Katharina Rogenhofer, geboren 1994 in Wien, studierte Zoologie an der Universität Wien und Nachhaltigkeits- und Umweltmanagement in Oxford. 2018 holte sie mit weiteren Aktivistinnen und Aktivisten die „Fridays For Future“-Bewegung nach Österreich, ein Jahr später übernahm sie die Leitung des Klimavolksbegehrens, das von mehr als 380.000 Österreicherinnen und Österreichern unterstützt wurde.

Zudem hat sie erst unlängst gemeinsam mit dem Klimaaktivisten Florian Schlederer das Buch „Ändert sich nichts, ändert sich alles“ veröffentlicht; darin hält sie ein Plädoyer für einen Green New Deal. Rogenhofer kombiniert dabei Faktenwissen zu den Themen Umwelt und Klimakrise mit den Zusammenhängen zwischen Ökologie, Wirtschaft und Politik.


Inwiefern ist die Klimakrise ein Generationenthema?

Fridays for Future ist als Generationenthema gestartet, ich glaube aber, dass wir uns neben der Generationengerechtigkeit noch eine zweite große Frage stellen müssen: Sie umfasst die Frage der globalen Gerechtigkeit. Dieses Thema wird auch intensiv in der „Fridays for Future“-Bewegung diskutiert. Im Prinzip heißt es nicht „Jung gegen Alt“, vielmehr können auch Ältere gemeinsam mit den Jüngeren für mehr Klimaschutz kämpfen – „Grandparents for Future“ ist das beste Beispiel dafür. Wir alle haben es in der Hand, unsere Zukunft mitzubestimmen. Das Framing „Die Jungen gegen die Alten“ wird lediglich von außen erzeugt.

„Die Technik wird’s retten – warum so hysterisch?“ lautet der Titel eines Kapitels in deinem Buch. Darin schreibst du unter anderem darüber, dass wir uns nicht auf künftige Technologien wie Direct Air Capture verlassen dürfen. Warum?

Ich mag es nicht, dass wir künftige Technologien als Ausrede verwenden, um jetzt nichts oder zu wenig für das Klima zu tun. Wir haben nicht von heute auf morgen eine Technologie, die uns alle rettet und das CO2 aus der Luft saugt. Vielmehr brauchen wir eine Transformation in allen Bereichen der Gesellschaft. Ich finde es sehr schade, dass Innovation immer nur technisch gedacht wird. Im Diskurs reden wir nicht von sozialen und kulturellen Innovationen, die wir allerdings im Kampf gegen die Klimakrise auch brauchen werden. Beispielsweise muss sich unsere Einstellung zu Besitz fundamental ändern. Dementsprechend müssen wir stärker auf eine Sharing Economy und Kreislaufwirtschaft setzen. In der Regel sind das soziale Innovationen, die meistens nicht hervorgehoben werden, aber einen großen Teil der Lösung des Klimaproblems darstellen.

Rogenhofer
(c) Jolly Schwarz

Du kritisierst den technokratischen Zugang zur Innovation. Welche konkrete Rolle misst du der Digitalisierung beim Klimaschutz bei?

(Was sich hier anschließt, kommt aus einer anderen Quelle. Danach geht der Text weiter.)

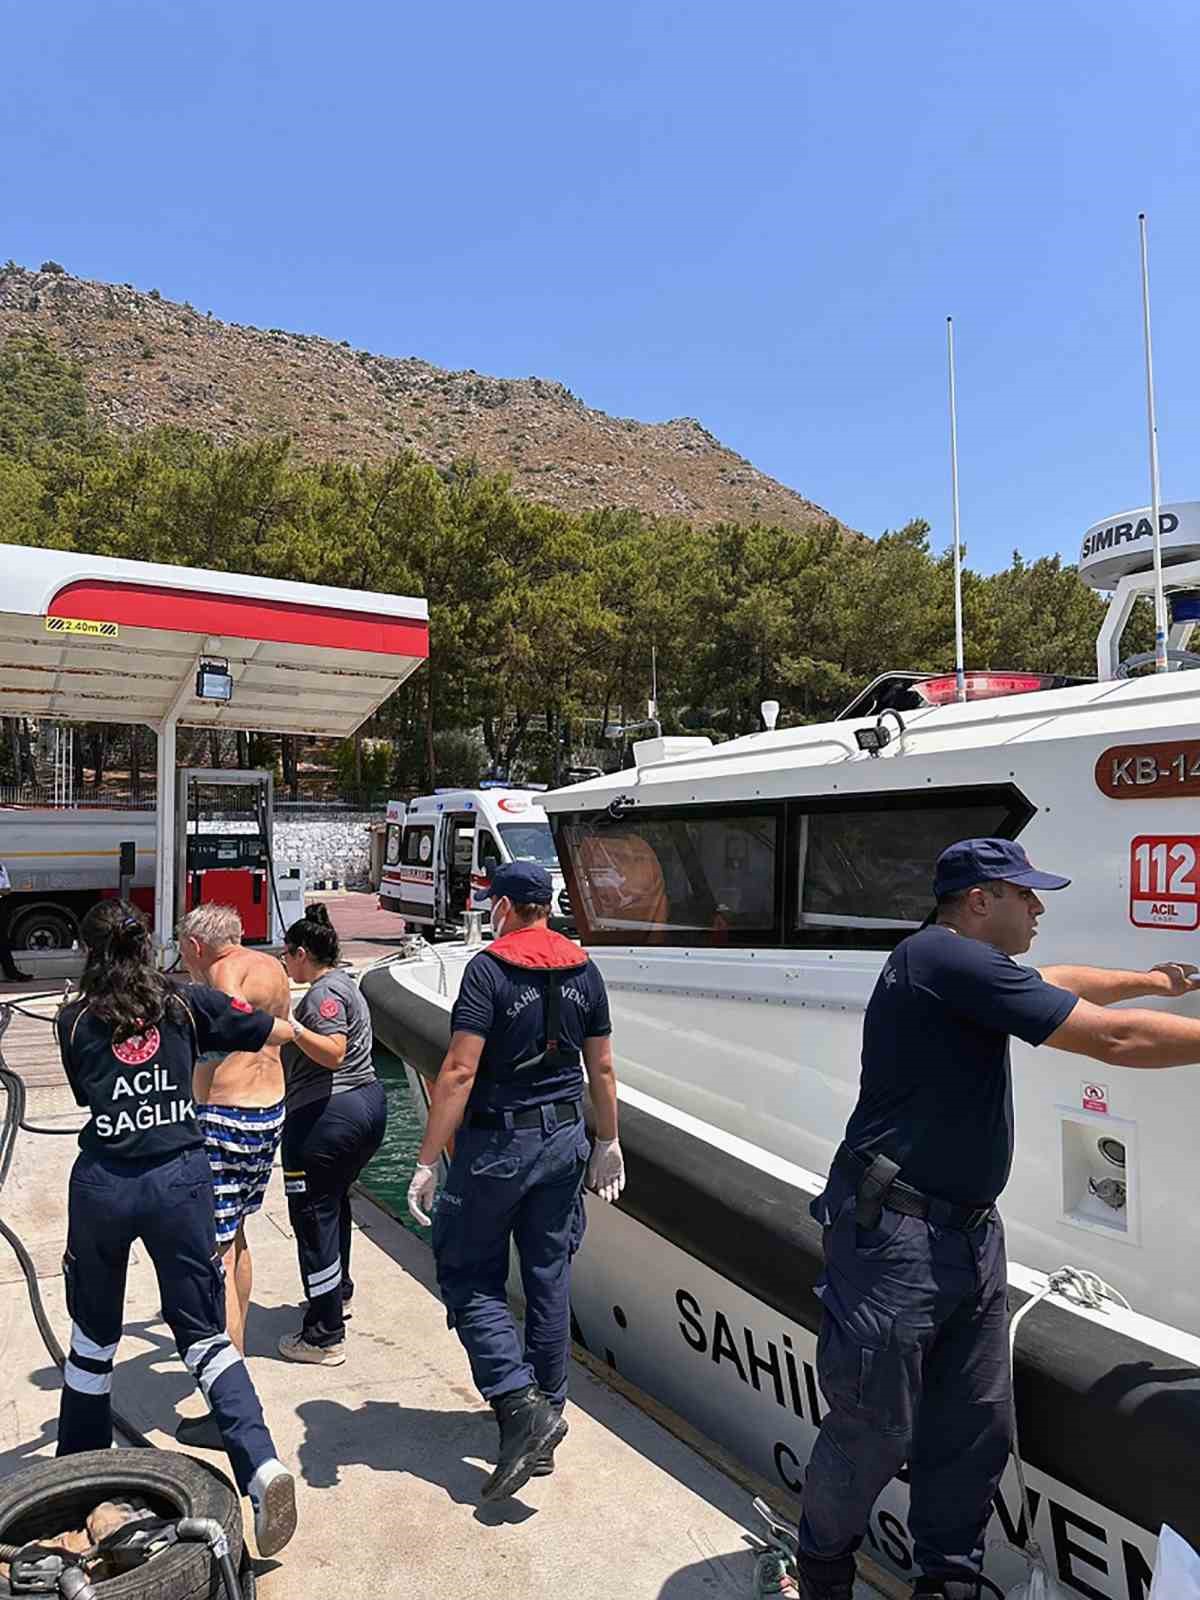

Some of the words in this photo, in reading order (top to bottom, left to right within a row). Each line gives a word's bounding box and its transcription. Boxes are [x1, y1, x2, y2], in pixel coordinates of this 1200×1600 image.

Es kommt auf die Rahmenbedingungen an, wie wir die Digitalisierung wirklich nutzen. Diese müssen wir ständig kritisch hinterfragen. In vielen Bereichen kann die Digitalisierung zu einer effizienteren Nutzung führen beispielsweise bei der Frage, wie wir Energie in unserem Energiesystem effizient verteilen. Gleiches trifft auch auf Sharing-Modelle oder die Zuteilung von Ressourcen zu. Digitalisierung und künstliche Intelligenz können hier bis zu einem gewissen Grad ein wichtiger erster Schritt sein. Wenn wir uns das Beispiel des autonomen Fahrens ansehen, müssen wir hinterfragen, ob es tatsächlich eine systemische Veränderung bringt oder wir künftig nur noch mehr Einzelkarossen auf unseren Straßen haben und somit den Individualverkehr weiter fördern. Im Bereich der Digitalisierung müssen wir die Reduktion immer mitdenken und uns die Frage stellen, wie wir künftig unseren Energieverbrauch reduzieren können. Wir wissen, dass wir mindestens 40 Prozent weniger Energie verbrauchen sollten, wenn wir in einem entsprechenden Zeithorizont klimaneutral werden wollen.

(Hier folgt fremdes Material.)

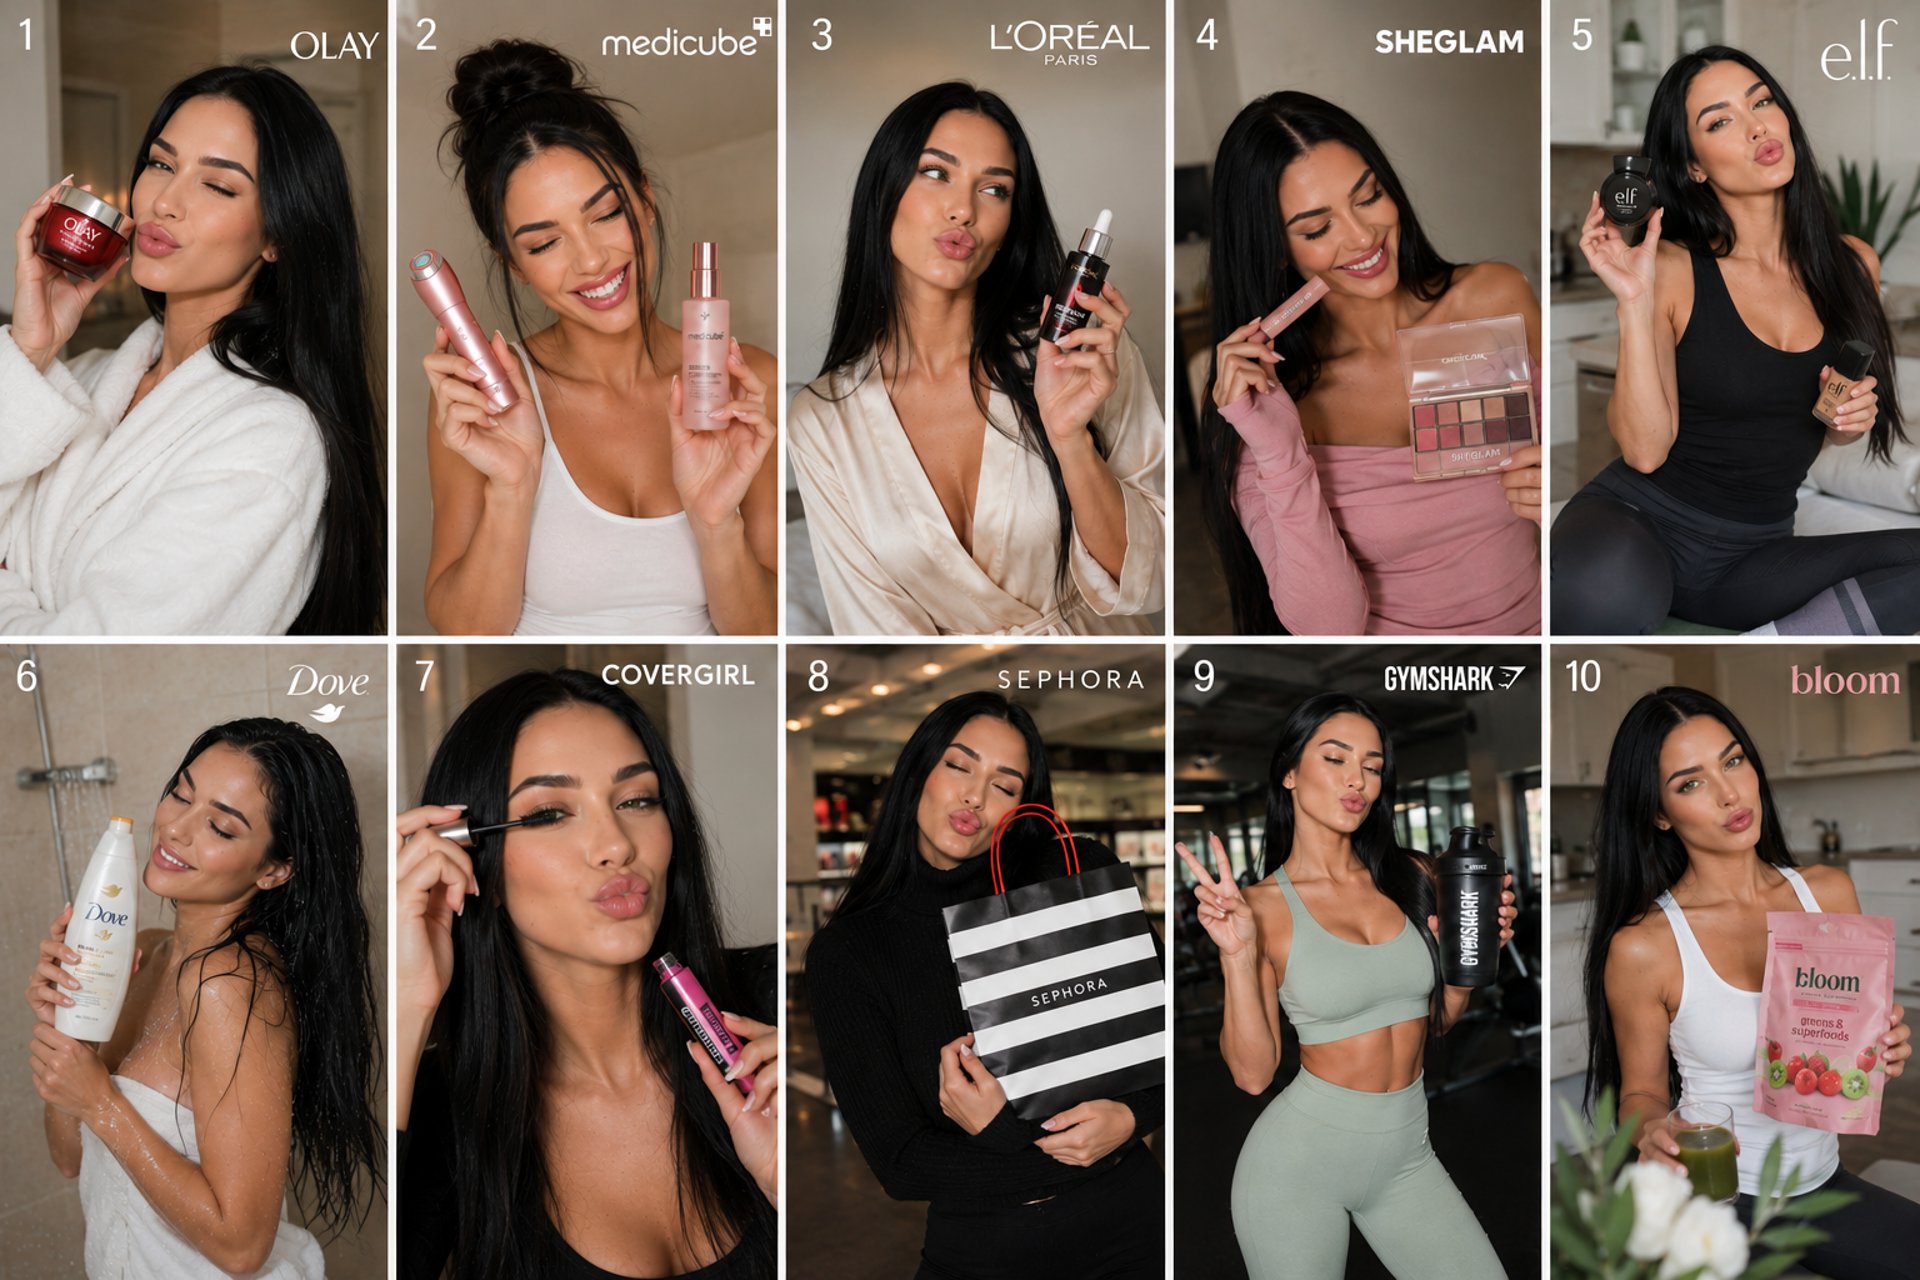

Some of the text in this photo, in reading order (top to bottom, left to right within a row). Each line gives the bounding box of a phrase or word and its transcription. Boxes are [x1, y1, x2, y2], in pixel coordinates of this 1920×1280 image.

Stichwort Reduktion: Wie beurteilst du die Debatte rund um Degrowth und Wachstumskritik?

Persönlich finde ich den Ansatz von Indy Johar von den Dark Matter Labs sehr spannend, der dieses Jahr am European Forum Alpbach gesprochen hat. Er sagt, dass wir bereits in einer Degrowth-Gesellschaft leben, wenn wir alle natürlichen Ressourcen in unser Balance-Sheet aufnehmen würden, die wir aktuell verbrauchen. Generell kritisiere ich die lineare Logik in unserem Wirtschaftssystem, da wir derzeit massiv Ressourcen abbauen und diese möglichst schnell zu Produkten machen – anschließend schmeißen wir sie nach dem Konsum aufgrund der geringen Haltbarkeit sofort wieder weg. Zudem verlegen wir Produktionen in andere Länder, weil wir unsere Gewinnspanne maximieren wollen. All diese Zustände führen dazu, dass wir weltweit soziale und umwelttechnische Standards degradieren.

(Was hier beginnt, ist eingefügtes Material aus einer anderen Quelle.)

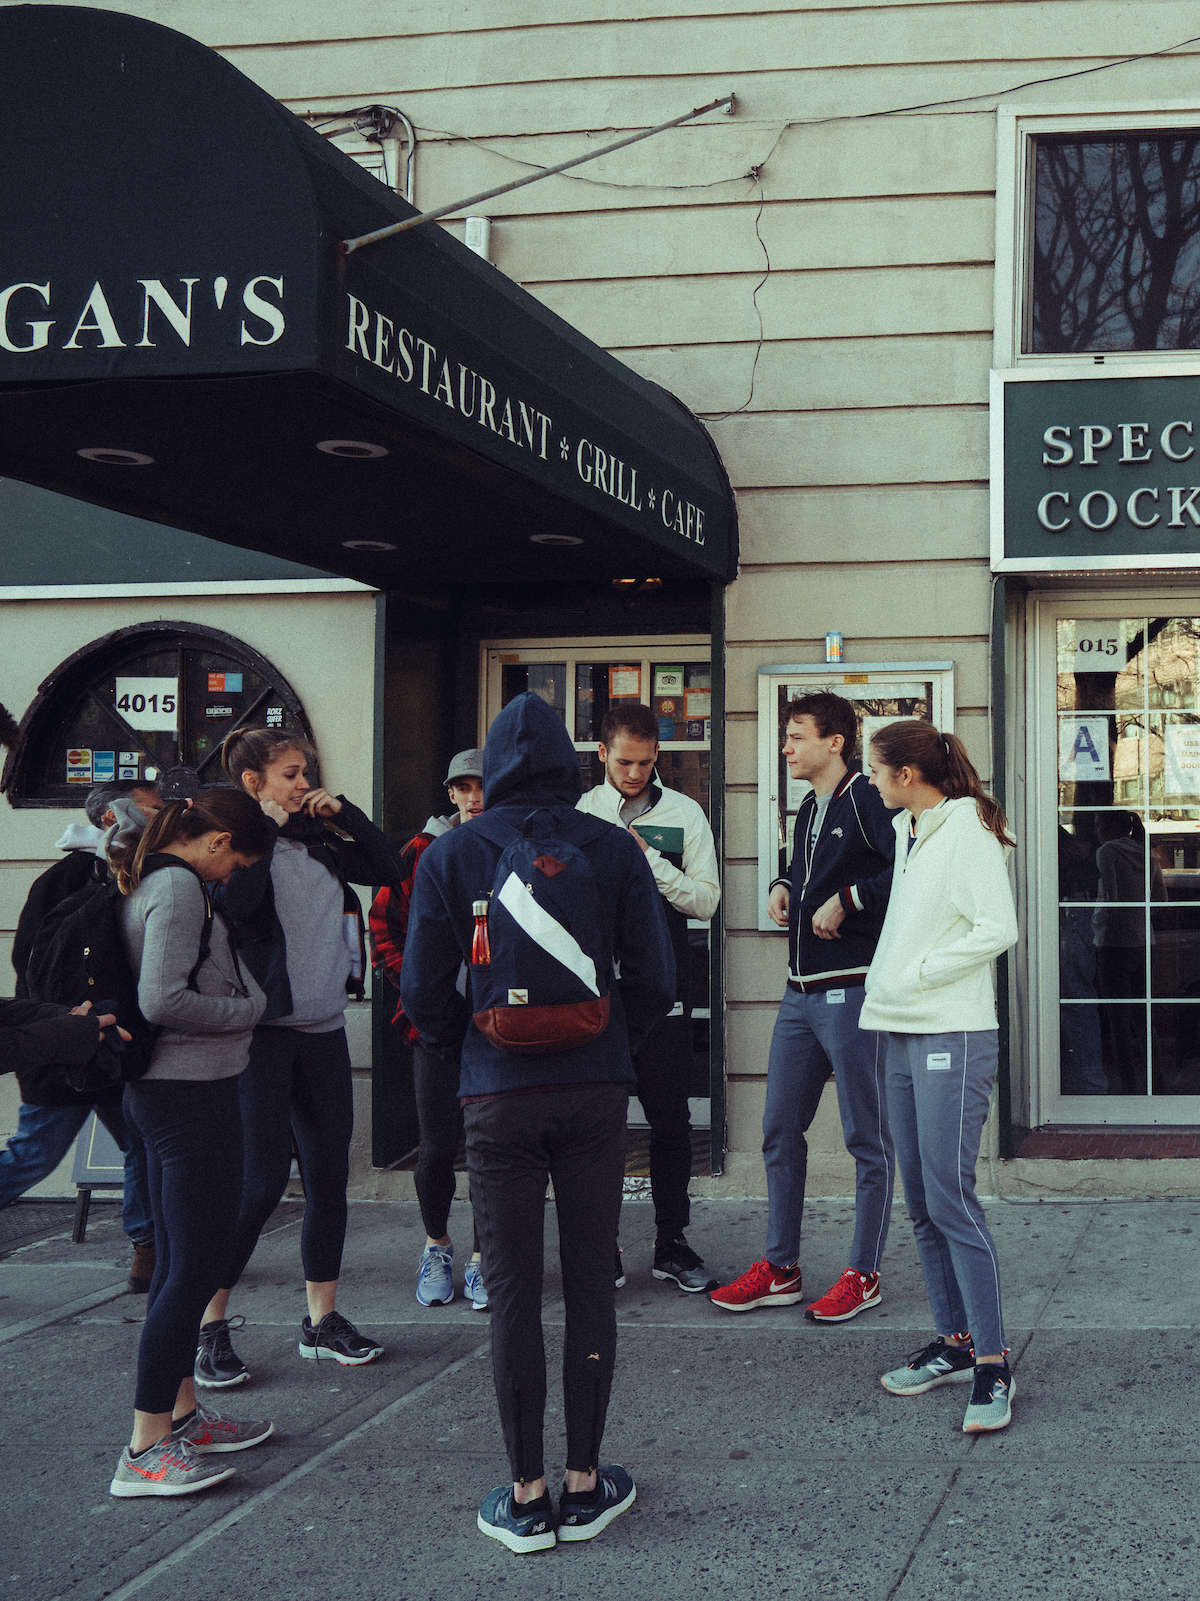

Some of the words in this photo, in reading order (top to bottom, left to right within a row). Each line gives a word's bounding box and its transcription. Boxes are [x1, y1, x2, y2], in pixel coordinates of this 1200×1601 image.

[346, 292, 554, 461] RESTAURANT
[576, 438, 642, 511] GRILL
[660, 488, 706, 547] CAFE
[117, 693, 176, 714] 4015
[1067, 725, 1101, 763] A

Ich finde es sehr schade, dass Innovation immer nur technisch gedacht wird. Im Diskurs reden wir nicht von sozialen und kulturellen Innovationen, die wir allerdings im Kampf gegen die Klimakrise auch brauchen werden.

Katharina Rogenhofer

In meinem Buch stelle ich die Frage, ob wir das überhaupt wollen. Das Credo „Geht’s der Wirtschaft gut, geht’s uns allen gut“ stimmt einfach nicht, wenn wir global denken. Zudem wird es uns mit der Klima- und Biodiversitätskrise eher schlechter gehen, wenn wir weitermachen wie bisher. Einen Punkt möchte ich noch anfügen: Das Versprechen, Emissionen und Ressourcenverbrauch vom Wirtschaftswachstum zu entkoppeln, ist auch noch nicht eingelöst worden. Sofern diese Entkopplung erfolgt, kann die Wirtschaft ohne steigenden CO2-Verbrauch weiter wachsen. Bei den CO2-Emissionen ist eine derartige Entkopplung mit dem Ausbau der erneuerbaren Energien ein Stück weit möglich, allerdings geht es viel zu langsam. Hier müssen wir uns die Frage stellen, ob wir nicht eine Wirtschaft schaffen wollen, die zunächst alle Menschen auf ein soziales Fundament hebt und darüber hinaus die planetaren Grenzen einhält. Wir müssen uns von dem Gedanken verabschieden, dass wir Wohlstand nur mit dem BIP messen.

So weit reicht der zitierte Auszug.